§ Instructions for the task:
All of the data must be output exactly, with every picture left out.

Data extracts: Begin

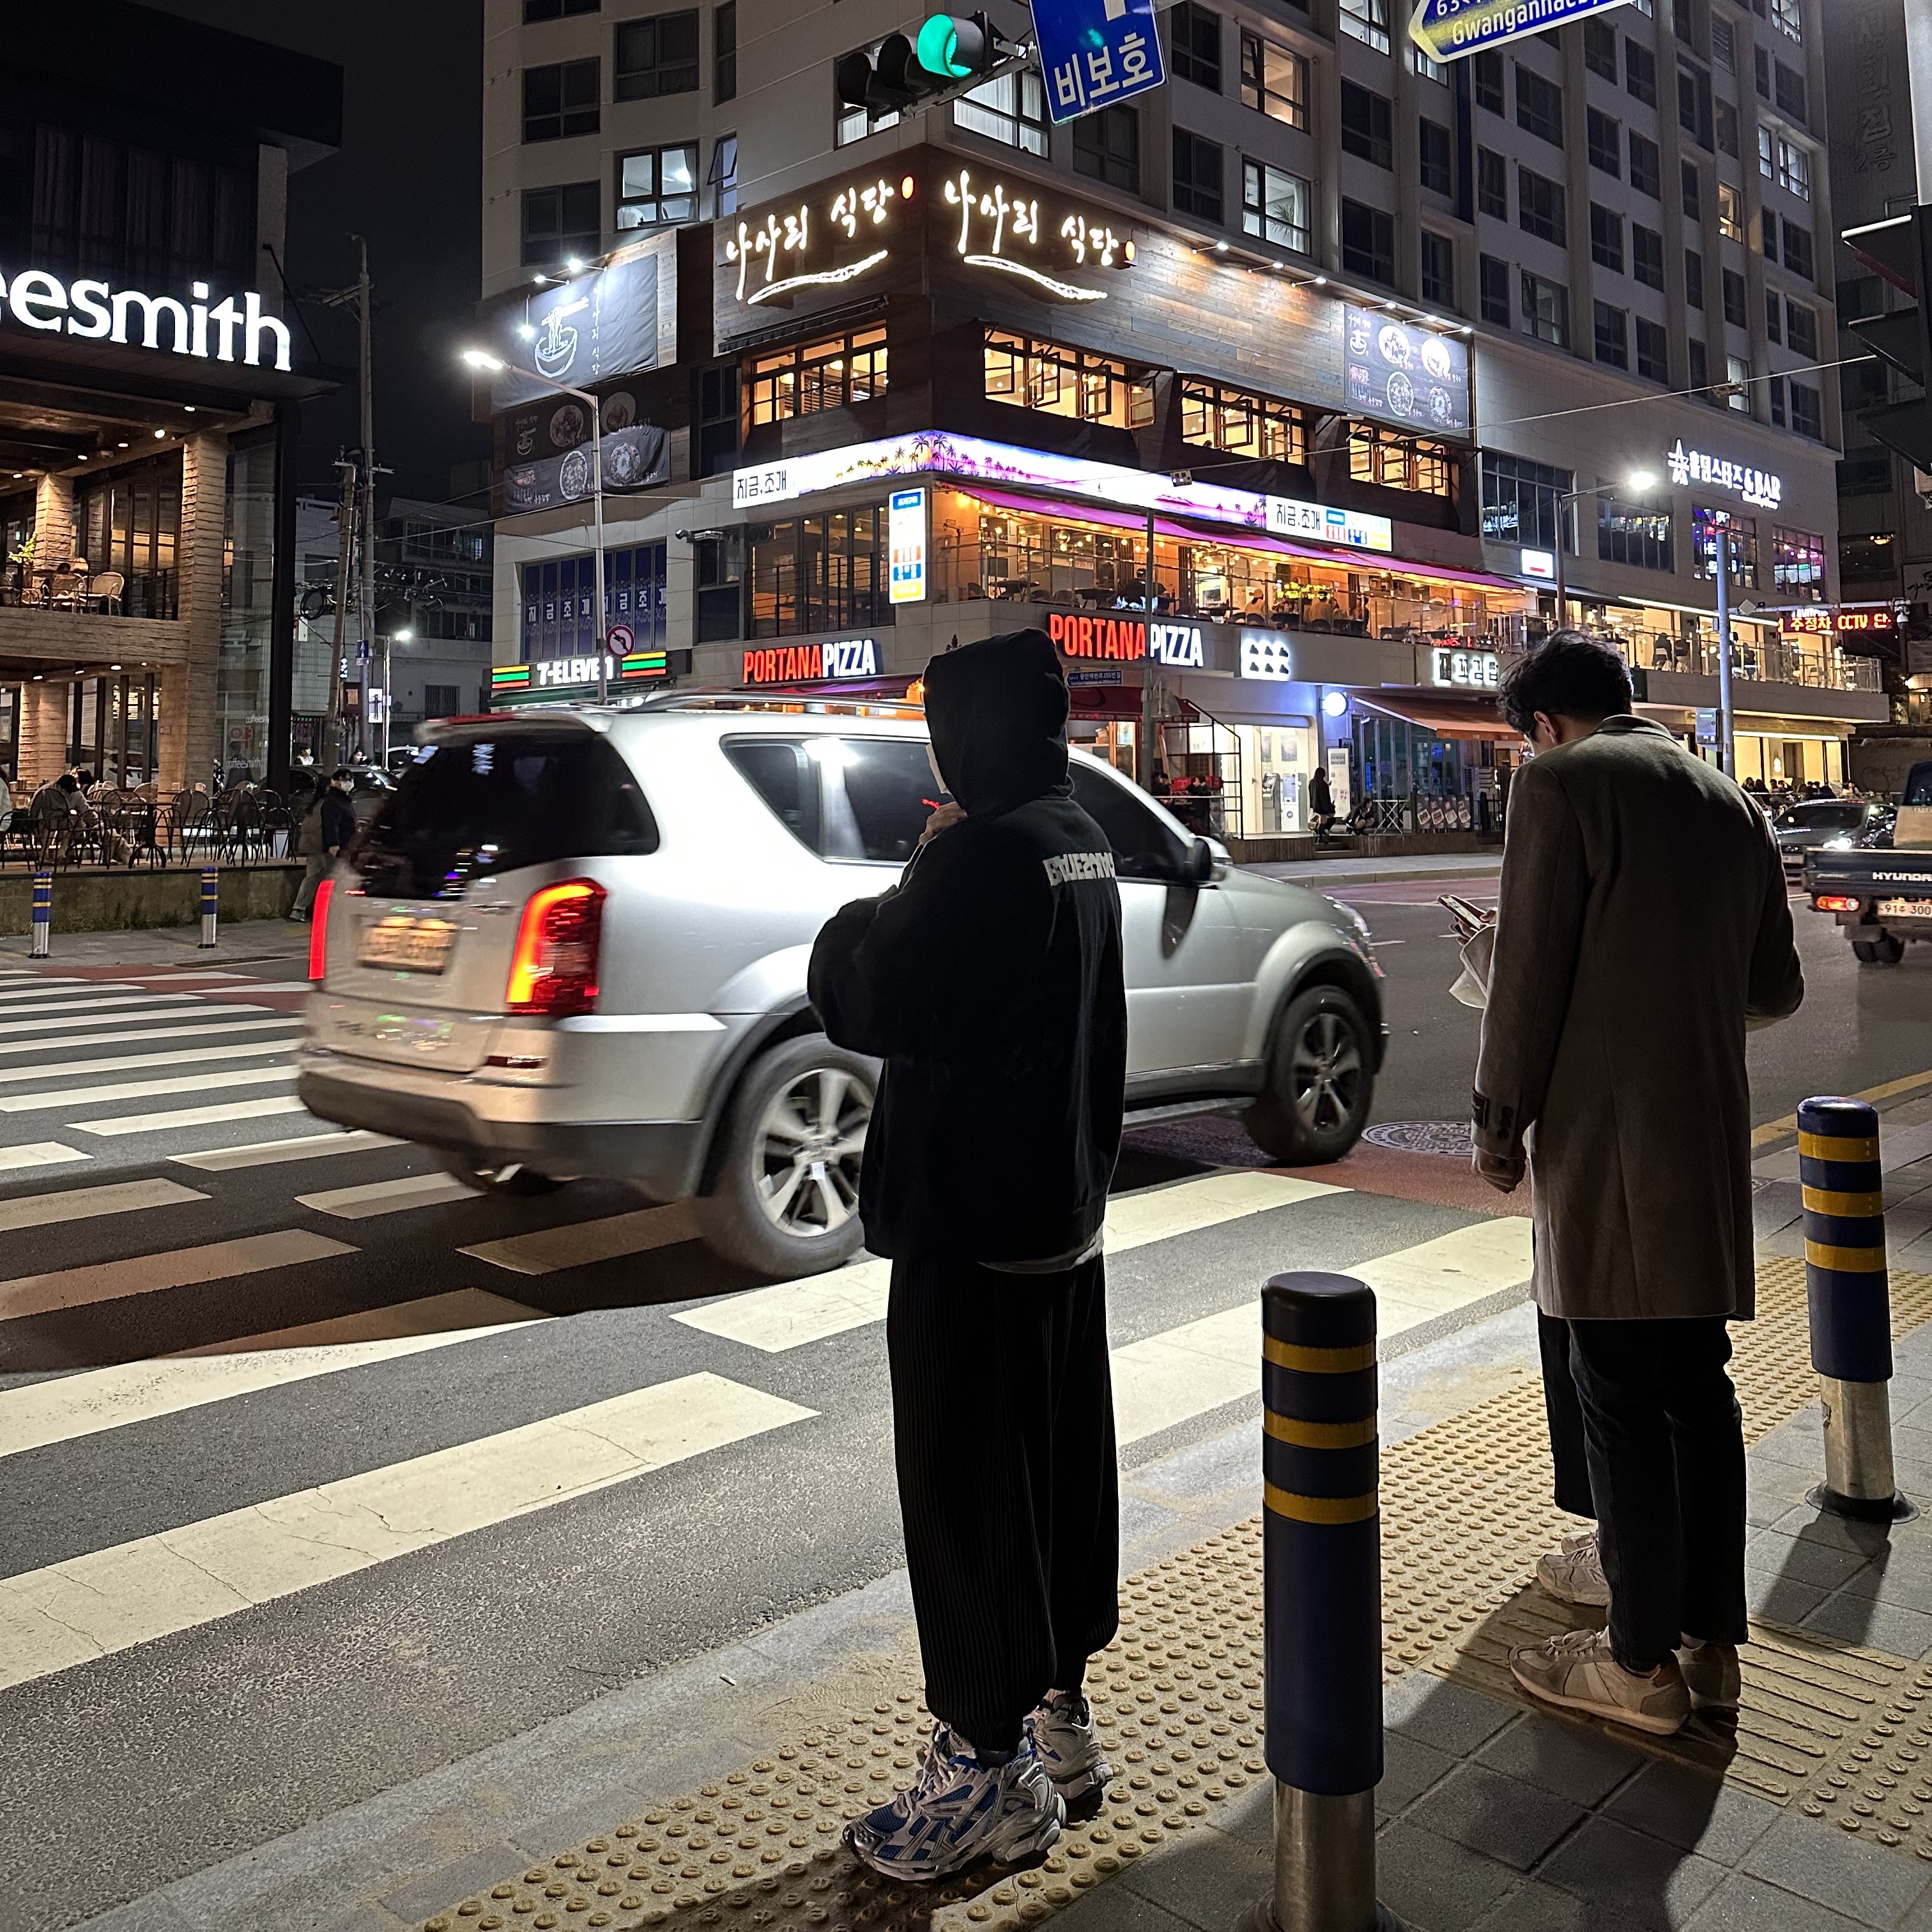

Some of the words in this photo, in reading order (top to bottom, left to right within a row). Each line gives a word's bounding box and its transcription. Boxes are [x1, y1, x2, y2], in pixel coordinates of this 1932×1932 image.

[1054, 32, 1154, 107] 비보호
[726, 204, 809, 300] 나사리
[831, 178, 894, 238] 식당
[944, 169, 1038, 254] 나사리
[1060, 215, 1119, 266] 식당
[0, 269, 291, 372] esmith
[1790, 616, 1832, 631] 주정차
[1837, 614, 1868, 630] CCTV
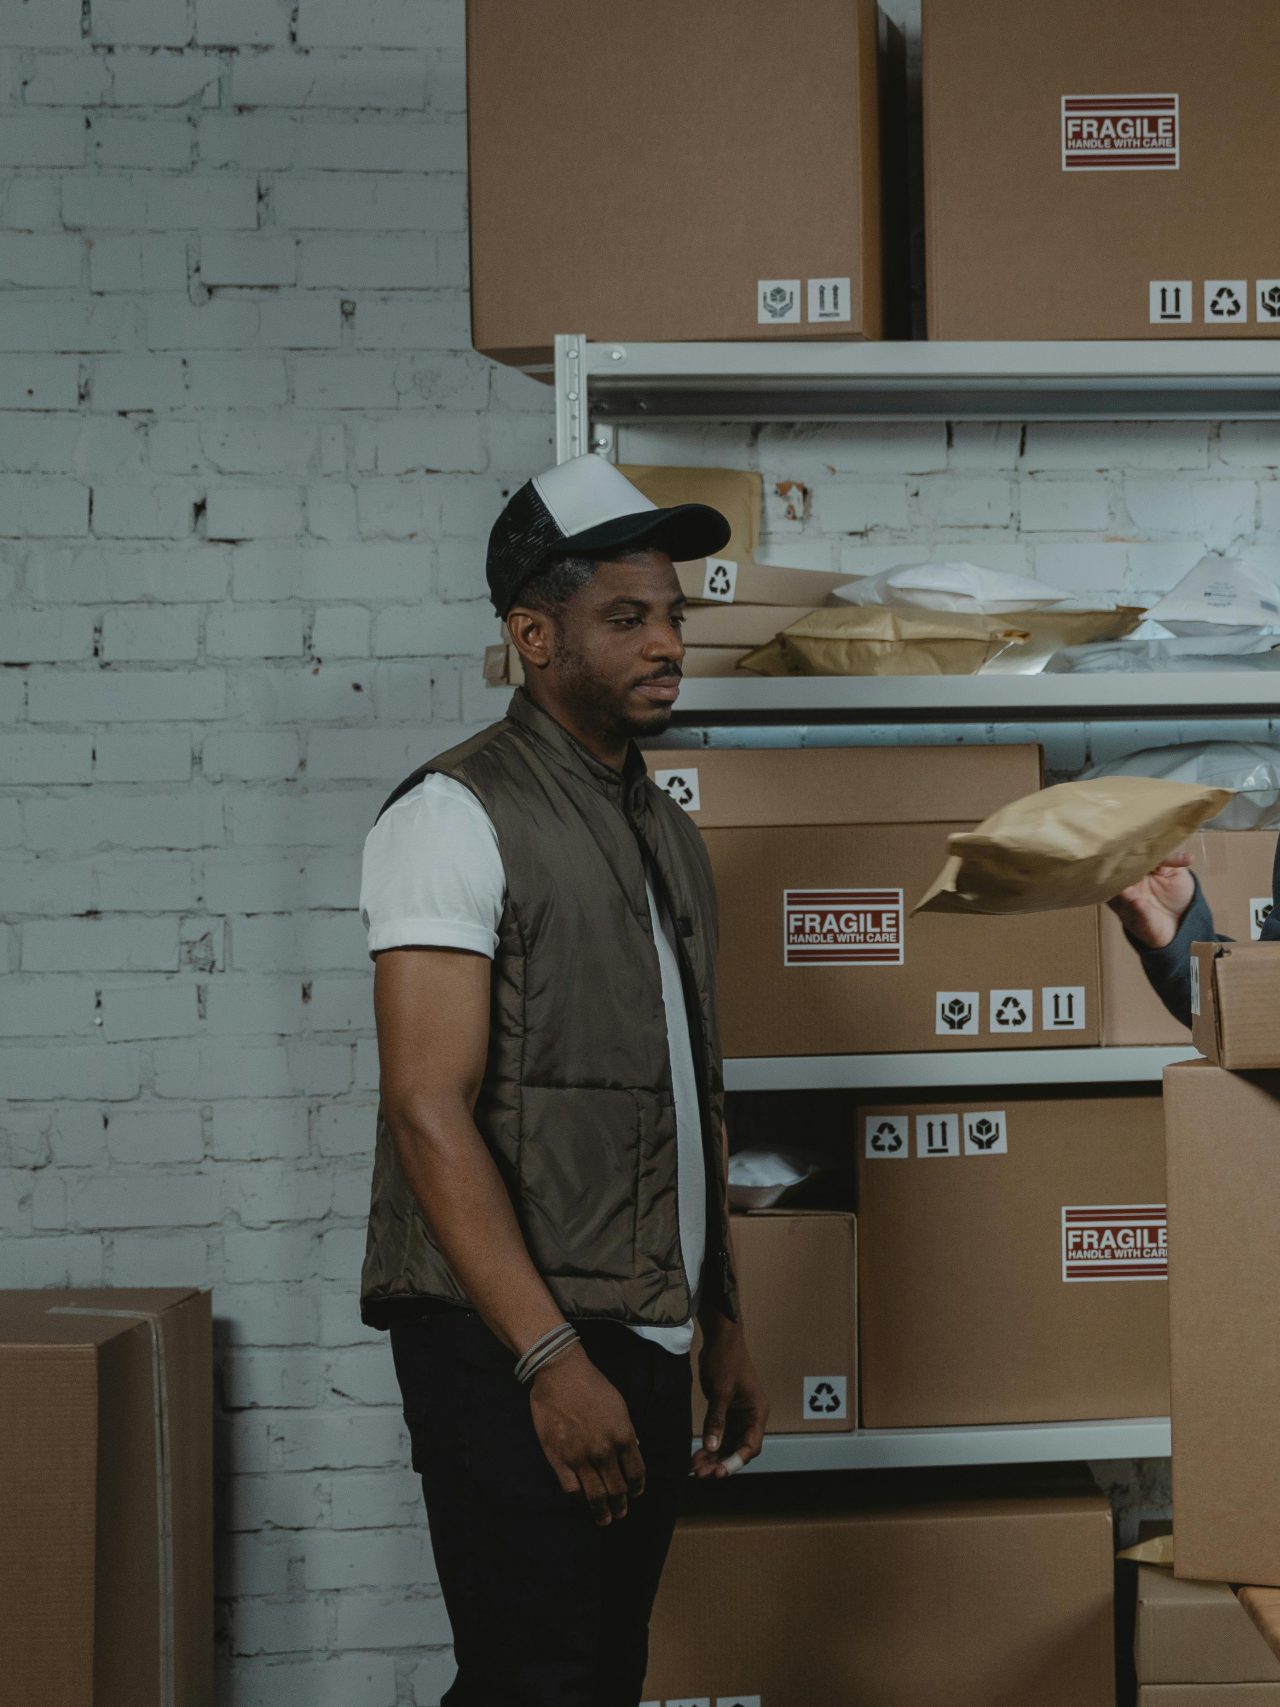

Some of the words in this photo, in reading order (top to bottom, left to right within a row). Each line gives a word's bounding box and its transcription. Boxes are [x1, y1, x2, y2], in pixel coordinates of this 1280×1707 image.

[1067, 118, 1173, 139] FRAGILE
[1068, 138, 1111, 149] HANDLE
[1114, 138, 1140, 148] WITH
[1143, 138, 1173, 147] CARE
[789, 913, 897, 934] FRAGILE
[789, 934, 834, 944] HANDLE
[836, 934, 864, 943] WITH
[866, 933, 897, 943] CARE
[1068, 1249, 1112, 1260] HANDLE
[1114, 1248, 1141, 1258] WITH
[1143, 1248, 1168, 1257] CAR
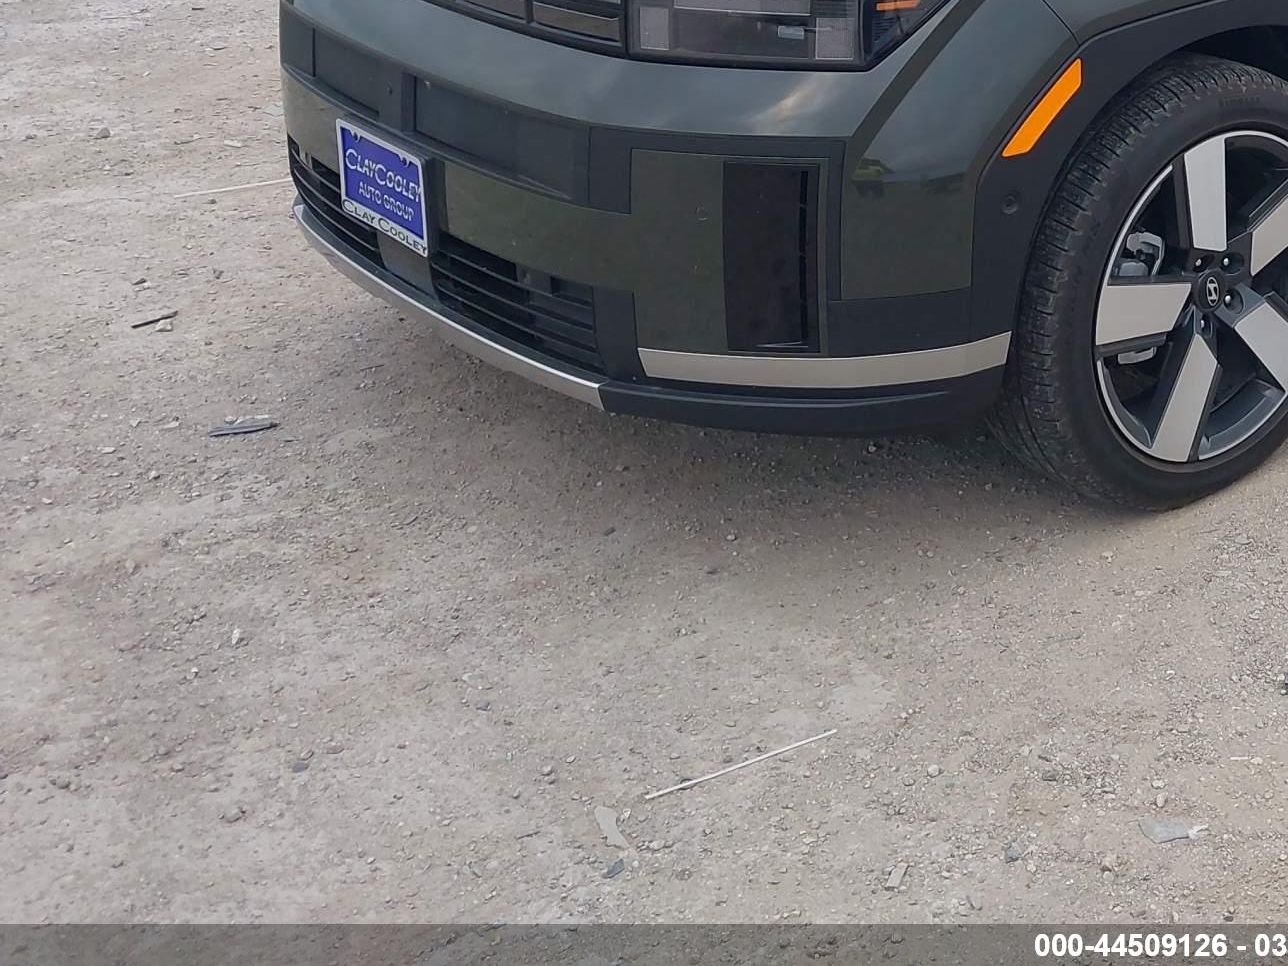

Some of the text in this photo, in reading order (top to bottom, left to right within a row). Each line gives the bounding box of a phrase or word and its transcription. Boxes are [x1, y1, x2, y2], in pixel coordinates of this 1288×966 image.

Data extracts: End

§ Task answer:
Some of the words in this photo, in reading order (top to bottom, left to right within a row). Each line gives a word's bounding box and its transcription. Boxes are [x1, y1, x2, y2], in pixel coordinates of this 1932×1932 image.

[1054, 32, 1154, 107] 비보호
[726, 204, 809, 300] 나사리
[831, 178, 894, 238] 식당
[944, 169, 1038, 254] 나사리
[1060, 215, 1119, 266] 식당
[0, 269, 291, 372] esmith
[1790, 616, 1832, 631] 주정차
[1837, 614, 1868, 630] CCTV

Some of the words in this photo, in reading order (top to bottom, left to right within a row). Each line gives a word's bounding box and its transcription. Boxes are [x1, y1, x2, y2], in pixel coordinates of this 1280×1707 image.

[1067, 118, 1173, 139] FRAGILE
[1068, 138, 1111, 149] HANDLE
[1114, 138, 1140, 148] WITH
[1143, 138, 1173, 147] CARE
[789, 913, 897, 934] FRAGILE
[789, 934, 834, 944] HANDLE
[836, 934, 864, 943] WITH
[866, 933, 897, 943] CARE
[1068, 1249, 1112, 1260] HANDLE
[1114, 1248, 1141, 1258] WITH
[1143, 1248, 1168, 1257] CAR

Some of the text in this photo, in reading order (top to bottom, left to right within a row). Each line gives the bounding box of a phrase or word and its transcription. Boxes are [x1, y1, x2, y2], in pixel coordinates of this 1288×966 image.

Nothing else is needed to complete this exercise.